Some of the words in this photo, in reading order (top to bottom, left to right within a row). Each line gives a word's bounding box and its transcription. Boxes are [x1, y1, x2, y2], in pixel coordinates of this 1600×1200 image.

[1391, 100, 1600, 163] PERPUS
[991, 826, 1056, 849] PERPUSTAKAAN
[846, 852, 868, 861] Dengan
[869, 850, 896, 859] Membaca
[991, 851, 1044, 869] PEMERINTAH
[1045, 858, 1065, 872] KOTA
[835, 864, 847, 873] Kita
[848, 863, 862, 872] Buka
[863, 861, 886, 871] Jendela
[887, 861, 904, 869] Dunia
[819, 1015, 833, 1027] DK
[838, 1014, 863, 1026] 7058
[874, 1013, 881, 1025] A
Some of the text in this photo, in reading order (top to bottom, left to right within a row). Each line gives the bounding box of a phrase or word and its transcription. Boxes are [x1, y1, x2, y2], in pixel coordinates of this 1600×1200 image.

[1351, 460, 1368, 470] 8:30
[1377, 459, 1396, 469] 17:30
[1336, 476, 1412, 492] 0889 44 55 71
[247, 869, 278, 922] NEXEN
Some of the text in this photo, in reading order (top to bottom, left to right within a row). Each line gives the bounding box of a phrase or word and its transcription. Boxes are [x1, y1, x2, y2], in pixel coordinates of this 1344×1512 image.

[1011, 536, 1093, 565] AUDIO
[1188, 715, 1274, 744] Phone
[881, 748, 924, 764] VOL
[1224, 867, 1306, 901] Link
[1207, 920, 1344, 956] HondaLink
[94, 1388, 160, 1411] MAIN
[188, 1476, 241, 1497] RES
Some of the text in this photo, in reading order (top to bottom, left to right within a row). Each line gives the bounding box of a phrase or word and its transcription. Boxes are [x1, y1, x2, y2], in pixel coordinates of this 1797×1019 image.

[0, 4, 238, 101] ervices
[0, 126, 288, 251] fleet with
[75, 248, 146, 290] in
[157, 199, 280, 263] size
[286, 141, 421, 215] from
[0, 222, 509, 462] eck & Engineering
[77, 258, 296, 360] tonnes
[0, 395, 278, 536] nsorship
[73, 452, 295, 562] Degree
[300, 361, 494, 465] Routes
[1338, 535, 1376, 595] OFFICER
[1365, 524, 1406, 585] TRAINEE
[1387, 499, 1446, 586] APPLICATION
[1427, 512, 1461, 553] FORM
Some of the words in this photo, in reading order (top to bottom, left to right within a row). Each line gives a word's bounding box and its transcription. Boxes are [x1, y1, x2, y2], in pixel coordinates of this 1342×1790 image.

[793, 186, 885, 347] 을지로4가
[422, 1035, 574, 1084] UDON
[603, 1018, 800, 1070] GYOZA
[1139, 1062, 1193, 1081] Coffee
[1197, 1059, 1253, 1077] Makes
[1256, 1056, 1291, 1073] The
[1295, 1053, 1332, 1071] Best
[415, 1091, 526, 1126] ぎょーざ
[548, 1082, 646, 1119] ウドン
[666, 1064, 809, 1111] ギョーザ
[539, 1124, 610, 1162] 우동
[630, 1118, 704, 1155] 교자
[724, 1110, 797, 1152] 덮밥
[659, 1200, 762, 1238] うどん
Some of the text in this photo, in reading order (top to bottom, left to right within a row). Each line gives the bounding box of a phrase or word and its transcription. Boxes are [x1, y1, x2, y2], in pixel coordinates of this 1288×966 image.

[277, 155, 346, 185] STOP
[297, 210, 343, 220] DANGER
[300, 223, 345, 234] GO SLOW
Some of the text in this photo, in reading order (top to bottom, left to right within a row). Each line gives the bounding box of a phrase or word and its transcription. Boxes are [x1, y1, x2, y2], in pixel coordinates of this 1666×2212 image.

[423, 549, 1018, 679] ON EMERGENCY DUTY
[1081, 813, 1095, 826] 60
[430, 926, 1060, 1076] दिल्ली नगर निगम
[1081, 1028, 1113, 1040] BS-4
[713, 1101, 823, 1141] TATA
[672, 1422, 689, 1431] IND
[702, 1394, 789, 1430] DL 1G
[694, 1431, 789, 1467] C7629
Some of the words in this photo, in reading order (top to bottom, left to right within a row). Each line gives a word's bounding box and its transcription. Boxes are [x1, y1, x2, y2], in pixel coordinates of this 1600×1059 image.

(Exercise description)
Retype every line of the listing above exactly as given.

(Written solution)
Some of the words in this photo, in reading order (top to bottom, left to right within a row). Each line gives a word's bounding box and its transcription. Boxes are [x1, y1, x2, y2], in pixel coordinates of this 1600×1200 image.

[1391, 100, 1600, 163] PERPUS
[991, 826, 1056, 849] PERPUSTAKAAN
[846, 852, 868, 861] Dengan
[869, 850, 896, 859] Membaca
[991, 851, 1044, 869] PEMERINTAH
[1045, 858, 1065, 872] KOTA
[835, 864, 847, 873] Kita
[848, 863, 862, 872] Buka
[863, 861, 886, 871] Jendela
[887, 861, 904, 869] Dunia
[819, 1015, 833, 1027] DK
[838, 1014, 863, 1026] 7058
[874, 1013, 881, 1025] A
Some of the text in this photo, in reading order (top to bottom, left to right within a row). Each line gives the bounding box of a phrase or word and its transcription. Boxes are [x1, y1, x2, y2], in pixel coordinates of this 1600×1200 image.

[1351, 460, 1368, 470] 8:30
[1377, 459, 1396, 469] 17:30
[1336, 476, 1412, 492] 0889 44 55 71
[247, 869, 278, 922] NEXEN
Some of the text in this photo, in reading order (top to bottom, left to right within a row). Each line gives the bounding box of a phrase or word and its transcription. Boxes are [x1, y1, x2, y2], in pixel coordinates of this 1344×1512 image.

[1011, 536, 1093, 565] AUDIO
[1188, 715, 1274, 744] Phone
[881, 748, 924, 764] VOL
[1224, 867, 1306, 901] Link
[1207, 920, 1344, 956] HondaLink
[94, 1388, 160, 1411] MAIN
[188, 1476, 241, 1497] RES
Some of the text in this photo, in reading order (top to bottom, left to right within a row). Each line gives the bounding box of a phrase or word and its transcription. Boxes are [x1, y1, x2, y2], in pixel coordinates of this 1797×1019 image.

[0, 4, 238, 101] ervices
[0, 126, 288, 251] fleet with
[75, 248, 146, 290] in
[157, 199, 280, 263] size
[286, 141, 421, 215] from
[0, 222, 509, 462] eck & Engineering
[77, 258, 296, 360] tonnes
[0, 395, 278, 536] nsorship
[73, 452, 295, 562] Degree
[300, 361, 494, 465] Routes
[1338, 535, 1376, 595] OFFICER
[1365, 524, 1406, 585] TRAINEE
[1387, 499, 1446, 586] APPLICATION
[1427, 512, 1461, 553] FORM
Some of the words in this photo, in reading order (top to bottom, left to right within a row). Each line gives a word's bounding box and its transcription. Boxes are [x1, y1, x2, y2], in pixel coordinates of this 1342×1790 image.

[793, 186, 885, 347] 을지로4가
[422, 1035, 574, 1084] UDON
[603, 1018, 800, 1070] GYOZA
[1139, 1062, 1193, 1081] Coffee
[1197, 1059, 1253, 1077] Makes
[1256, 1056, 1291, 1073] The
[1295, 1053, 1332, 1071] Best
[415, 1091, 526, 1126] ぎょーざ
[548, 1082, 646, 1119] ウドン
[666, 1064, 809, 1111] ギョーザ
[539, 1124, 610, 1162] 우동
[630, 1118, 704, 1155] 교자
[724, 1110, 797, 1152] 덮밥
[659, 1200, 762, 1238] うどん
Some of the text in this photo, in reading order (top to bottom, left to right within a row). Each line gives the bounding box of a phrase or word and its transcription. Boxes are [x1, y1, x2, y2], in pixel coordinates of this 1288×966 image.

[277, 155, 346, 185] STOP
[297, 210, 343, 220] DANGER
[300, 223, 345, 234] GO SLOW
Some of the text in this photo, in reading order (top to bottom, left to right within a row). Each line gives the bounding box of a phrase or word and its transcription. Boxes are [x1, y1, x2, y2], in pixel coordinates of this 1666×2212 image.

[423, 549, 1018, 679] ON EMERGENCY DUTY
[1081, 813, 1095, 826] 60
[430, 926, 1060, 1076] दिल्ली नगर निगम
[1081, 1028, 1113, 1040] BS-4
[713, 1101, 823, 1141] TATA
[672, 1422, 689, 1431] IND
[702, 1394, 789, 1430] DL 1G
[694, 1431, 789, 1467] C7629
Some of the words in this photo, in reading order (top to bottom, left to right within a row). Each line gives a word's bounding box and its transcription. Boxes are [x1, y1, x2, y2], in pixel coordinates of this 1600×1059 image.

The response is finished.